Once And For All, Just Tell Me It's Product Placement

A little fun factor never hurt product placement.  But too serious and too organic? That can be product bland-ment.

Despite what branded entertainment executives will tell you, 80% of product placements never really seem natural. Why? Because they don't get the joke -- or want to give one.

It makes sense if someone is having a soft drink not to show an obviously nondescript can with "Cola" emblazoned across it. Put a Pepsi or Coke in there, please. But even then, we notice, and it feels -- somewhere down deep - like this fictional TV show is toying with us.

But I kind of like the way "30 Rock" handles stuff. In one episode last year, Jack Donaghy, the notorious vice president of East Coast television & microwave oven programming for NBC, wants "The Girlie Show'"s producers to consider product placement.

After earnest rebellion by the production staff, at the end of the meeting, the punch line came: Cast members offer each other bottles of Snapple, noting how its taste was so refreshing, in an all-such-a-perfect-commercial way.  We laugh because we know what's going on.

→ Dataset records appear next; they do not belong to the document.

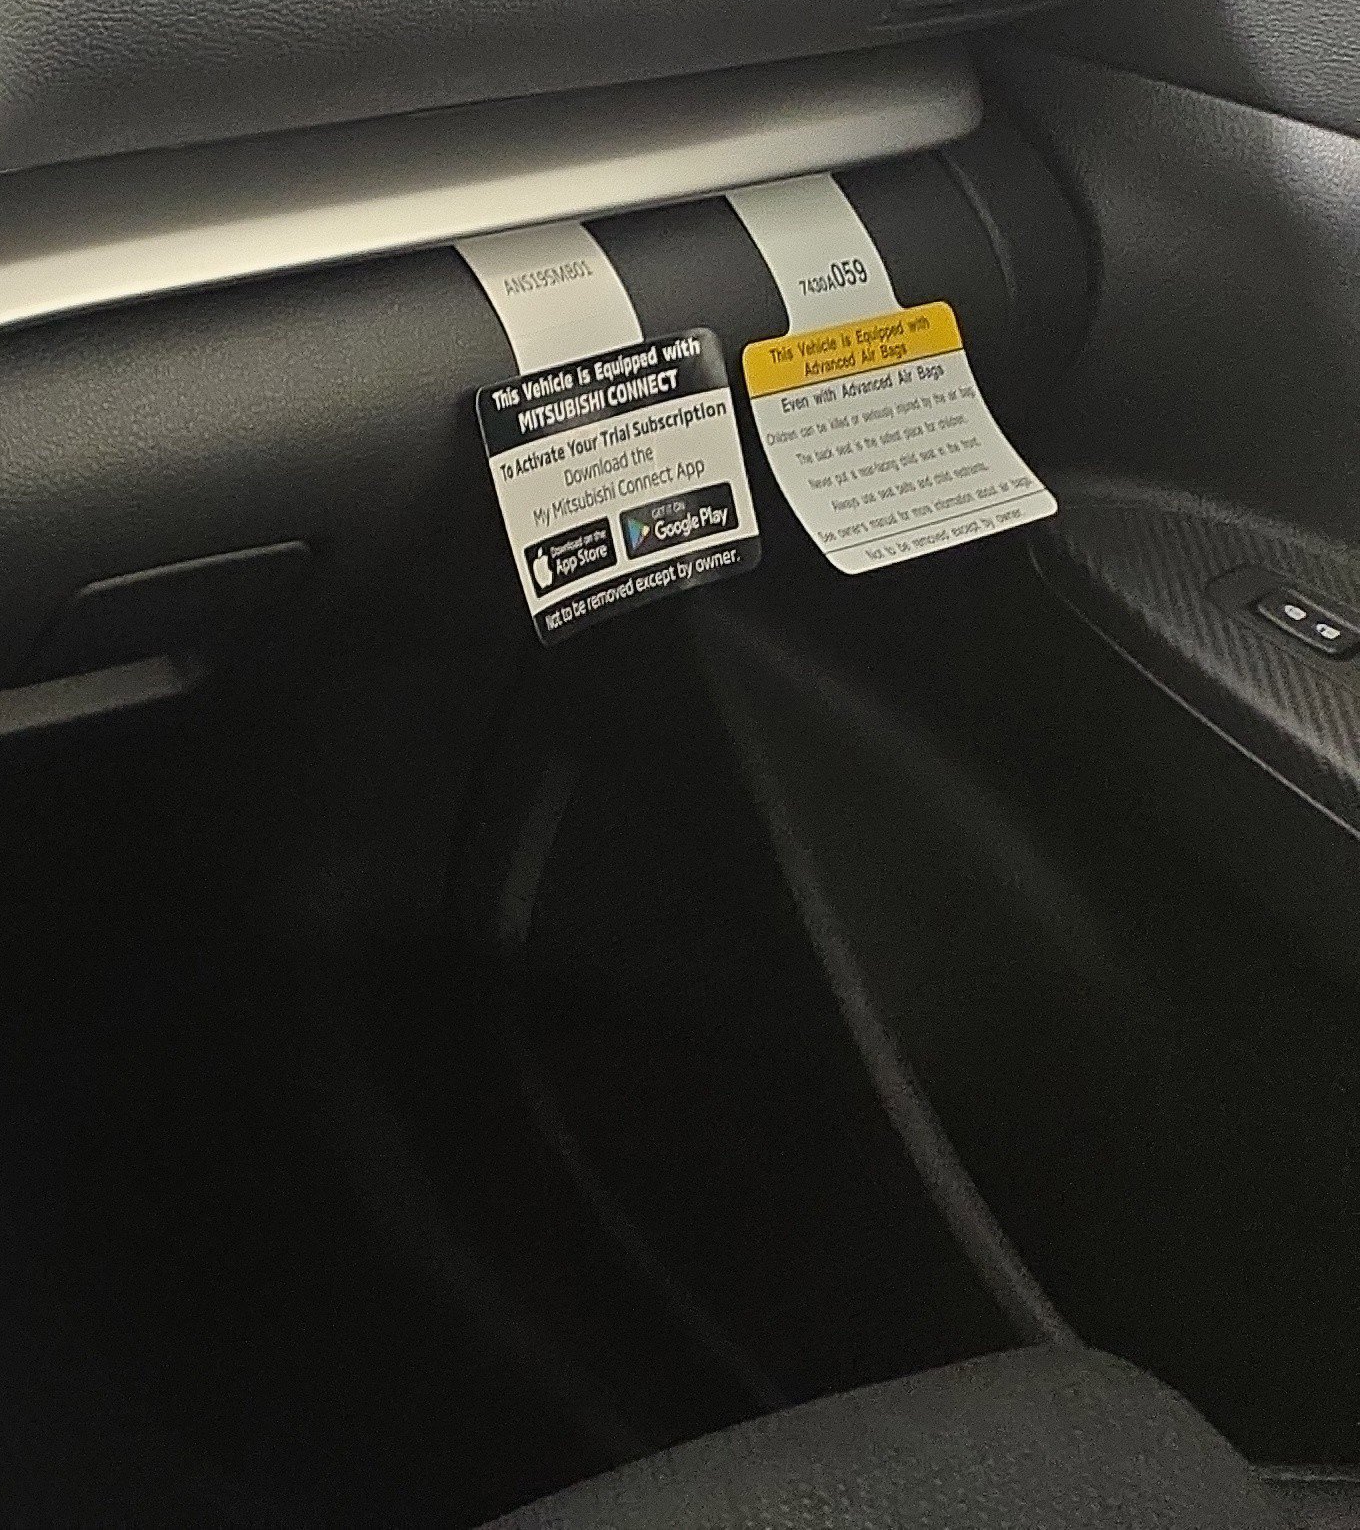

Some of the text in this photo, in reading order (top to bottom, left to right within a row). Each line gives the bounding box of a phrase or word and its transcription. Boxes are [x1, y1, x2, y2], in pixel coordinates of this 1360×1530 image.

[491, 387, 520, 411] This
[521, 371, 574, 401] Vehicle
[594, 345, 658, 382] Equipped
[662, 336, 701, 362] with
[518, 368, 679, 435] MITSUBISHI CONNECT
[499, 401, 727, 482] To Activate Your Trial Subscription
[564, 445, 654, 487] Download the
[533, 458, 705, 528] My Mitsubishi Connect App
[654, 506, 728, 540] Google Play
[556, 544, 608, 576] App Store
[587, 577, 634, 611] removed
[635, 565, 677, 592] except
[676, 561, 693, 579] by
[695, 549, 741, 573] owner.

This is way better than "Heroes" showing us a sly glimpse of the new Nissan Rogue model; or a casual mention when someone orders a Jack Daniels at a beatnik club in "Mad Men."

Last week's premiere season episode of "30 Rock" with guest star and former NBC Thursday night dynamo Jerry Seinfeld continued the show's more-than-obvious efforts. First off - Seinfeld's appearance on the show was to give "30 Rock" some higher ratings! (which it did).

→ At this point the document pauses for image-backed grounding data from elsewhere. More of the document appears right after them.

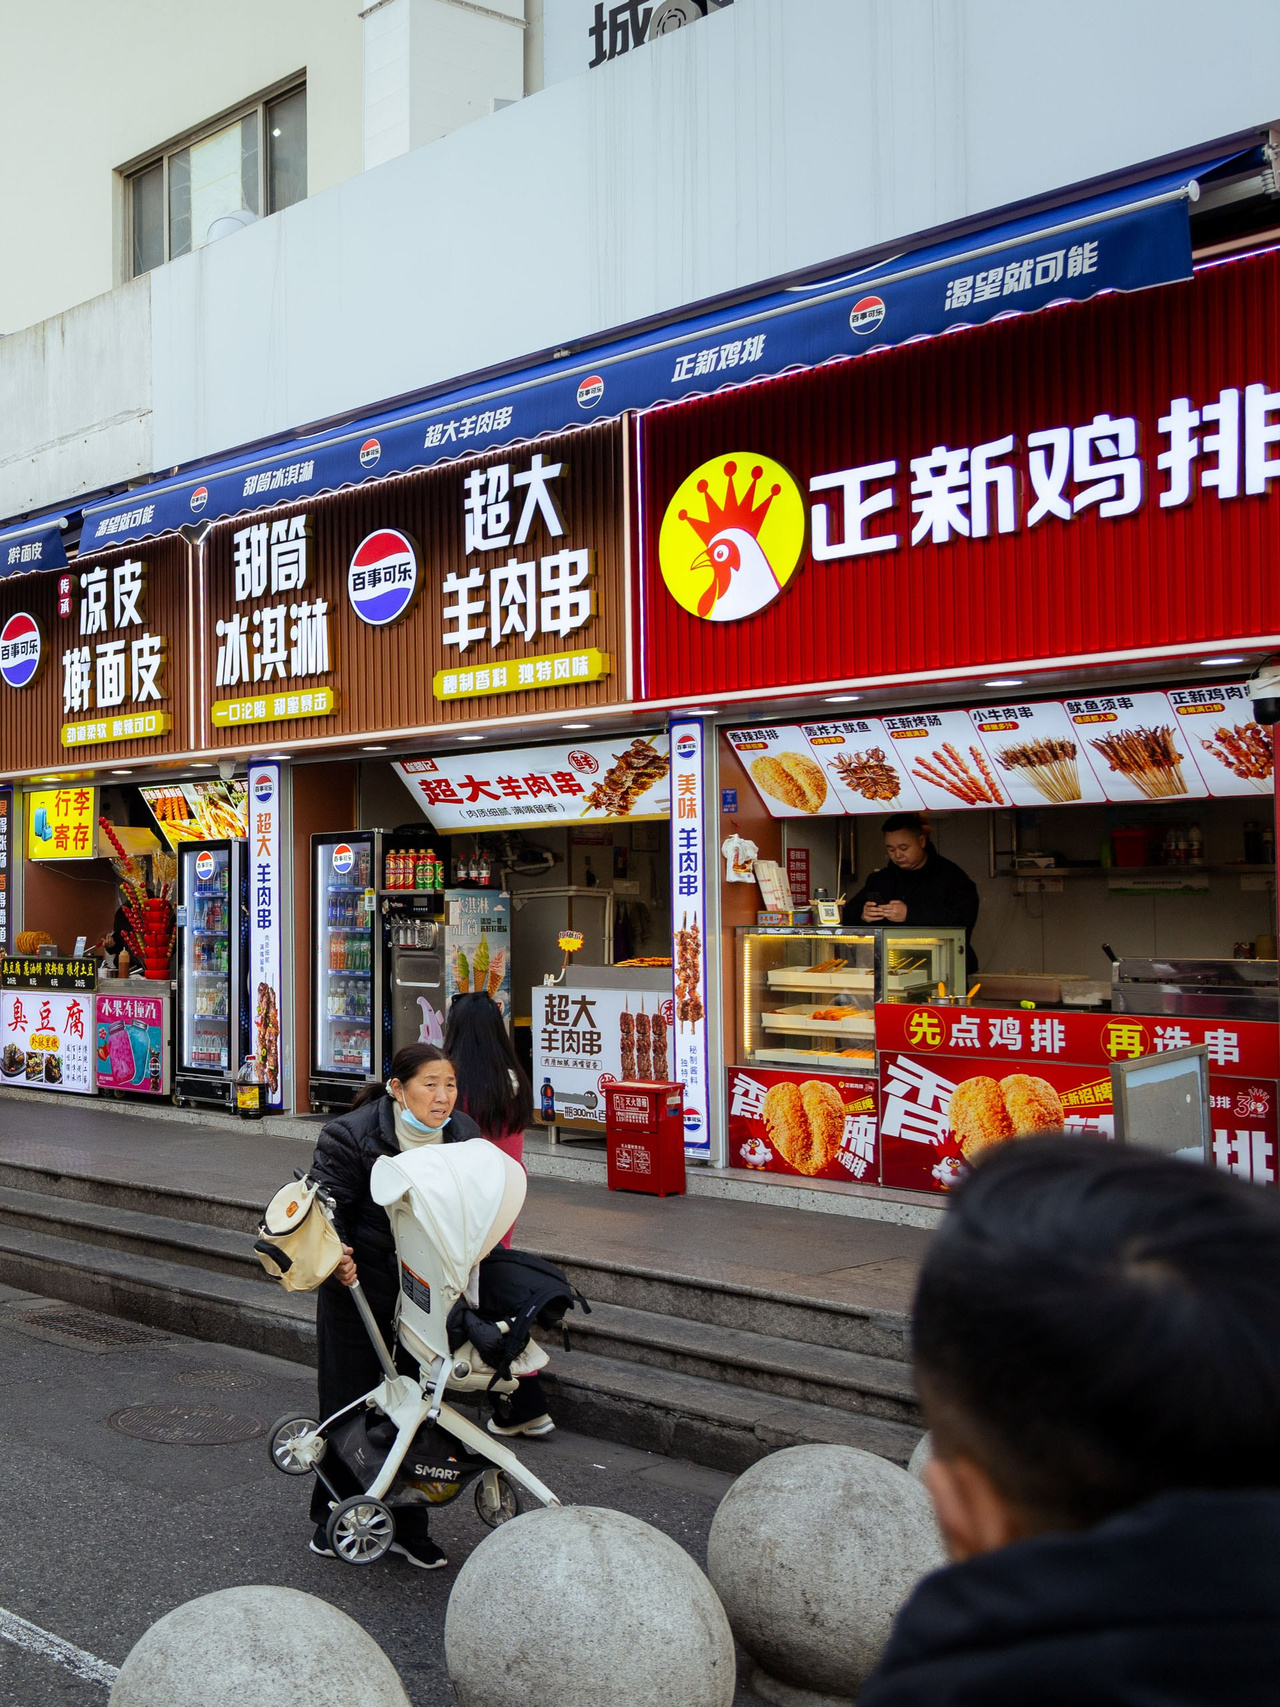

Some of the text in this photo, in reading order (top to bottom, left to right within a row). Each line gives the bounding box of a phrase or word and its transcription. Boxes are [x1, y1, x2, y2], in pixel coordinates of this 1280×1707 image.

[944, 240, 1099, 312] 渴望就可能
[851, 306, 885, 324] 百事可乐
[670, 332, 768, 384] 正新鸡排
[577, 383, 604, 400] 百事可乐
[423, 405, 513, 449] 超大羊肉串
[360, 447, 380, 459] 百事可乐
[243, 459, 315, 498] 甜筒冰淇淋
[809, 382, 1280, 562] 正新鸡排
[95, 504, 156, 538] 渴望就可能
[464, 453, 568, 555] 超大
[8, 542, 43, 565] 擀面皮
[233, 513, 311, 602] 甜筒
[351, 561, 413, 593] 百事可乐
[59, 577, 71, 615] 传承
[80, 558, 144, 636] 凉皮
[442, 548, 595, 655] 羊肉串
[0, 638, 39, 661] 百事可乐
[215, 597, 332, 687] 冰淇淋
[62, 632, 164, 714] 擀面皮
[442, 655, 590, 695] 秘制香料 独特风味
[216, 692, 328, 720] 一口沦陷 甜蜜暴击
[729, 728, 780, 743] 香辣鸡排
[803, 721, 872, 737] 轰炸大鱿鱼
[884, 714, 942, 730] 正新烤肠
[973, 705, 1034, 722] 小牛肉串
[1066, 697, 1134, 714] 鱿鱼须串
[66, 715, 157, 744] 劲道柔软 酸辣可口
[571, 754, 595, 770] 鲜
[54, 788, 90, 818] 行李
[418, 770, 585, 806] 超大羊肉串
[54, 822, 90, 852] 寄存
[677, 772, 698, 897] 美味 羊肉串
[256, 812, 272, 930] 超大 羊肉串
[2, 960, 21, 975] 臭豆腐
[66, 962, 94, 978] 狼牙土豆
[75, 979, 86, 988] 20元
[7, 996, 85, 1041] 臭豆腐
[101, 998, 156, 1019] 水果冻撞奶
[544, 993, 597, 1029] 超大
[30, 1035, 59, 1050] 外酥里嫩
[540, 1027, 602, 1057] 羊肉串
[909, 1012, 1240, 1066] 先点鸡排 再选串
[689, 1045, 698, 1085] 秘制酱料
[730, 1072, 770, 1119] 香
[834, 1148, 869, 1180] 大鸡排
[414, 1463, 461, 1481] SMART

Now ,the storyline: Realizing that NBC needs a rating boost, Donaghy decides to insert digital images of Seinfeld into a variety of NBC shows -- without the comedian's approval or knowledge.

Seinfeld is furious but wants Donaghy to come up with another plan. In the end, Seinfeld agrees to a deal where NBC will denote $1.5 million to Doctors Without Borders.  In addition "Today Show"'s Al Roker has to promote Seinfeld's "Bee Movie" while wearing a bee costume. Donaghy also gets the name of the secret European nation where the very rich vacation, which Seinfeld has just visited.

"The Bee Movie" happens to be a real movie, and an actual ad for it ran during a commercial break of this  episode. At one point in the heated argument with Baldwin, Seinfeld looks at the camera and says, "Opening November 5!"

Organic? This is product placement with preservatives!  Blatant, obvious, and over the top, and maybe ever-lasting.  It does just the opposite of whatever product integration executive might say to not make it obvious.  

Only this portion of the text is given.